In his statement to state police investigators, Court Officer Sheldon said he spoke to a prisoner who returned to pick up his medications. The man allegedly told Officer Sheldon, “You have a junkie working with you.”
As part of their investigation, state police also looked into two reports that Percocet pills were reportedly taken from Ms. Melanson’s car in break-ins reported in 2005 and 2006. The first incident allegedly happened in July 2005 in Paxton and the second in November 2006 in Spencer.
In the Spencer incident, police did not find any evidence of someone forcing their way into the car, though Ms. Melanson allegedly said she was unsure if the car was locked.
When police went to Dudley District Court, where she also worked, in February to speak with Ms. Melanson, she told them she wanted to first speak to a lawyer.

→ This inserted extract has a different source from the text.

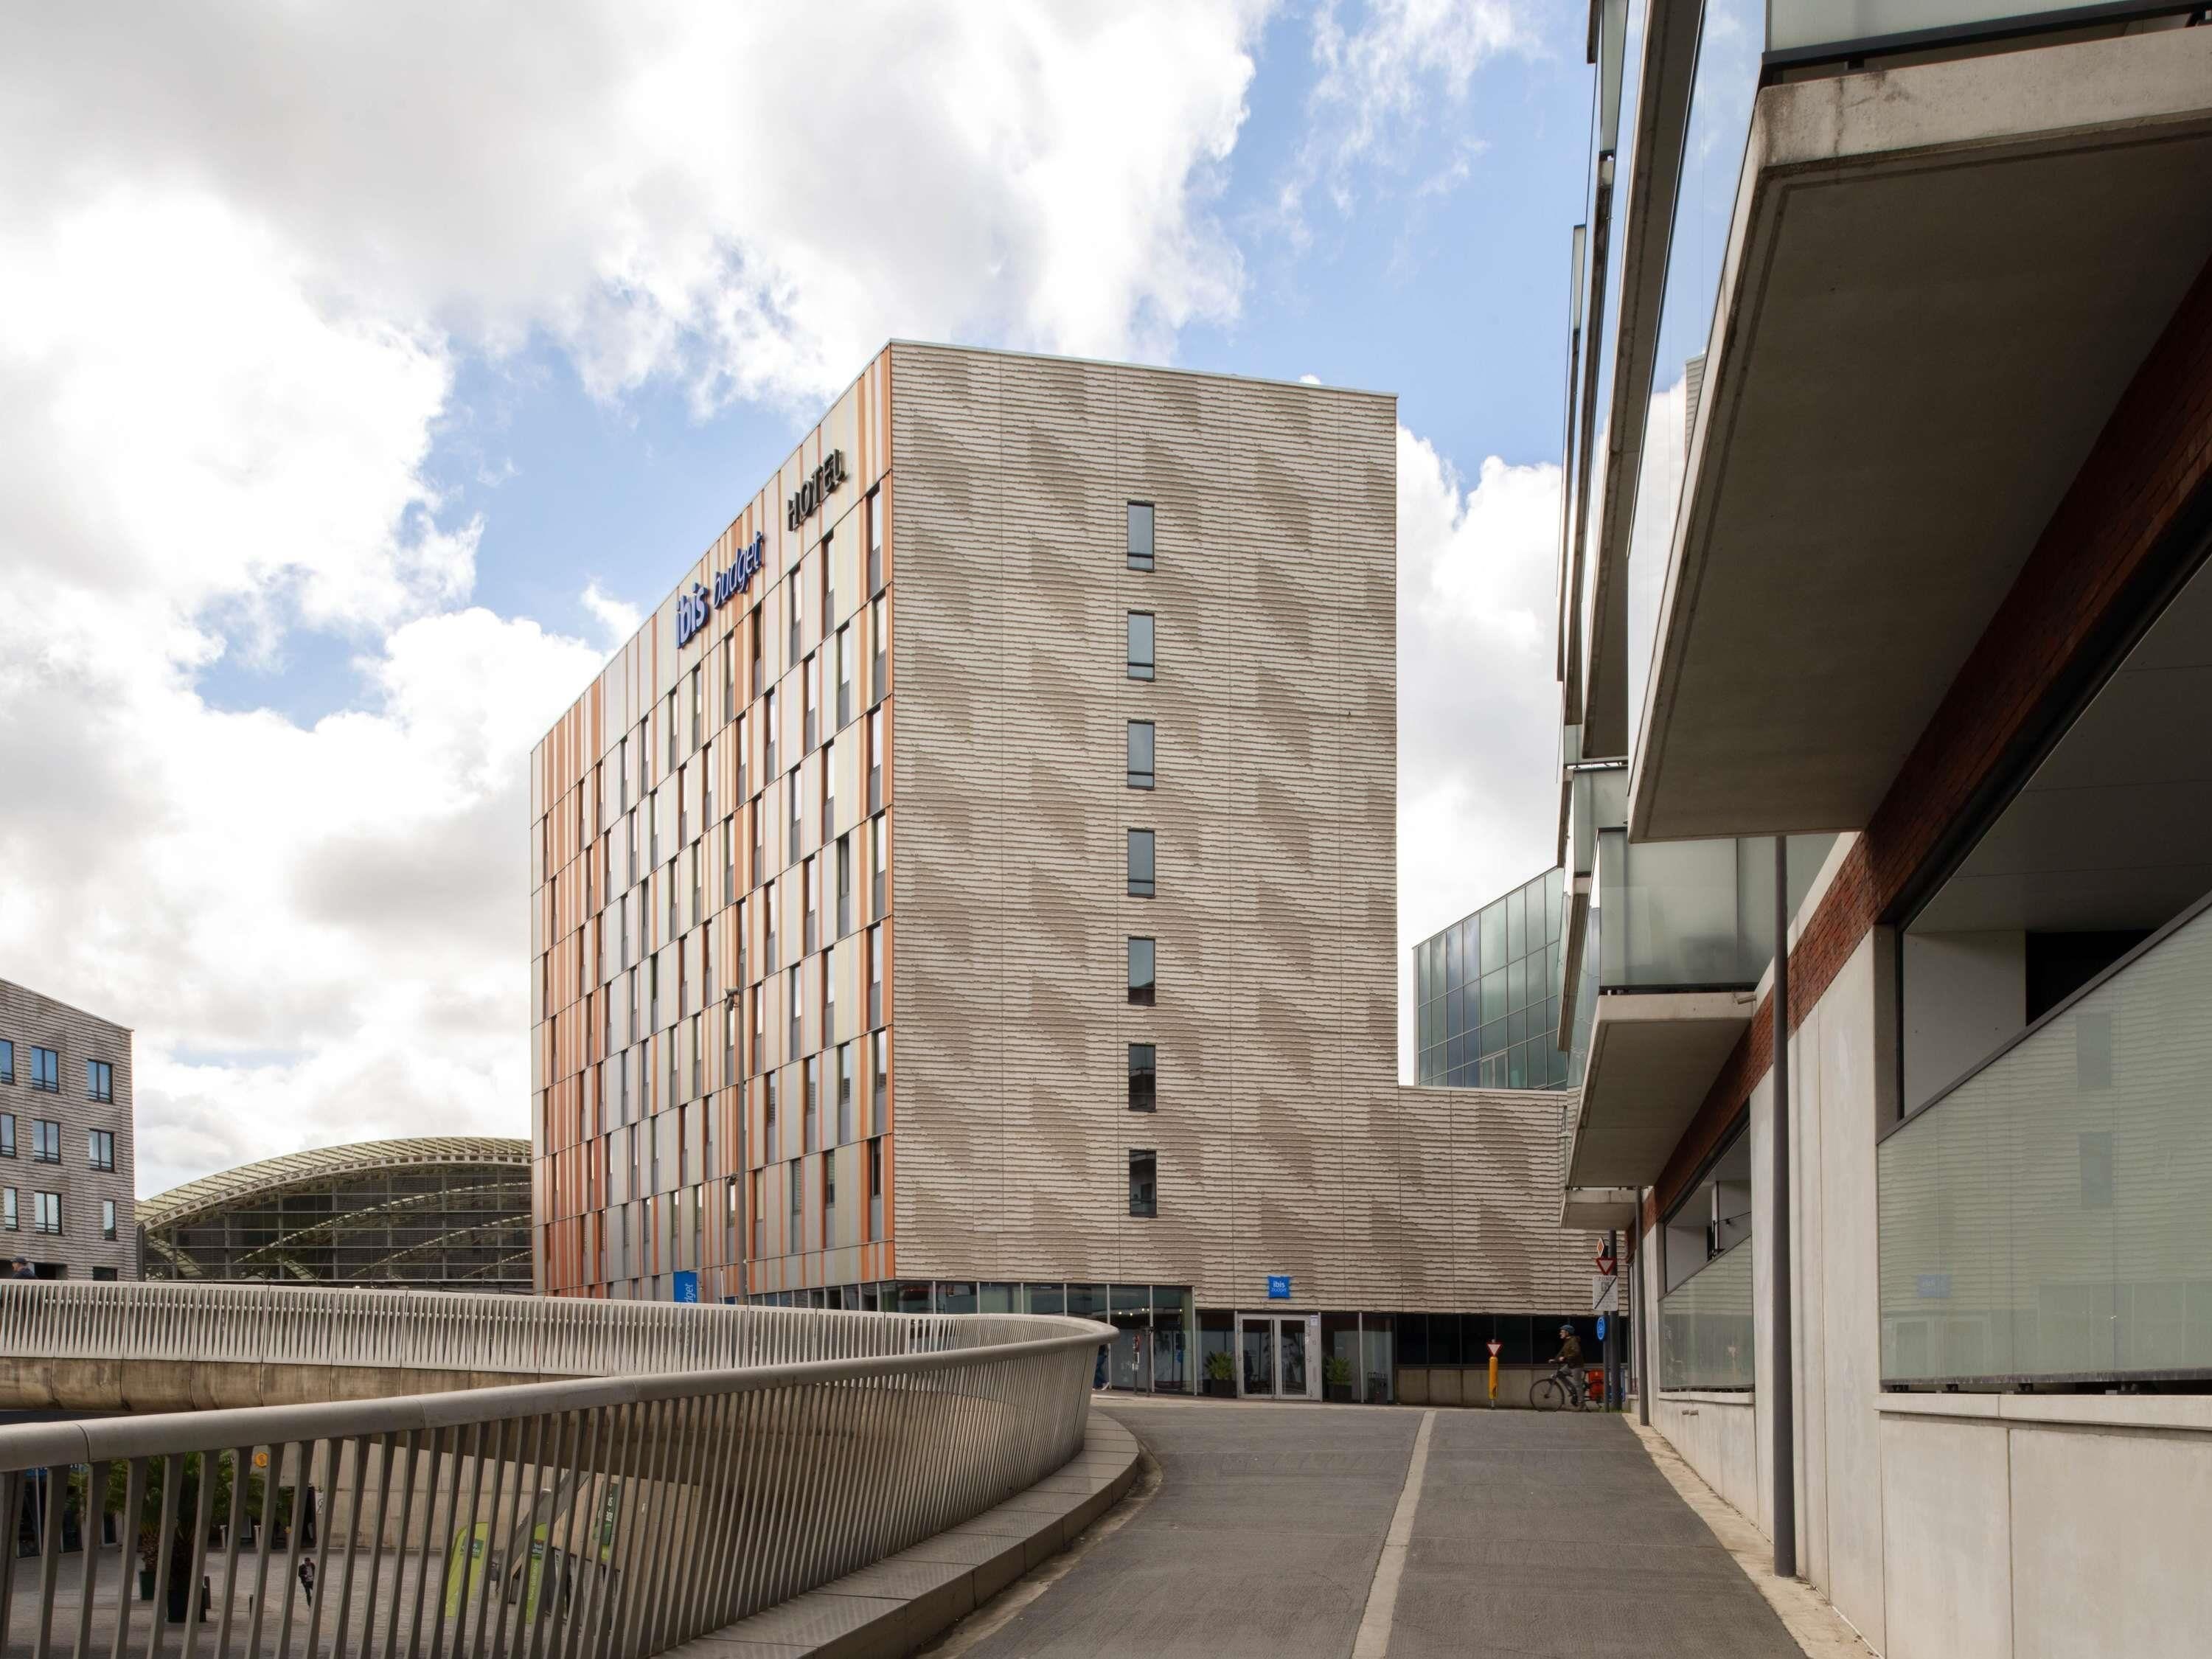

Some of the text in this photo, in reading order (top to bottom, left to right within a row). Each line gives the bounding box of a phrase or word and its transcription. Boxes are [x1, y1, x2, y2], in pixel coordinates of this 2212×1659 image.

Several days later, her lawyer called state police and said she would not be meeting with them because she had checked in to Gosnold Treatment Center in Falmouth and that “she has a substance abuse problem,” the report states.
Ms. Melanson was released on personal recognizance.
Her case was moved to Lawrence District Court to avoid any appearance of a conflict in Worcester County, where she worked.
She was relieved of duty earlier this year and was later placed on unpaid leave.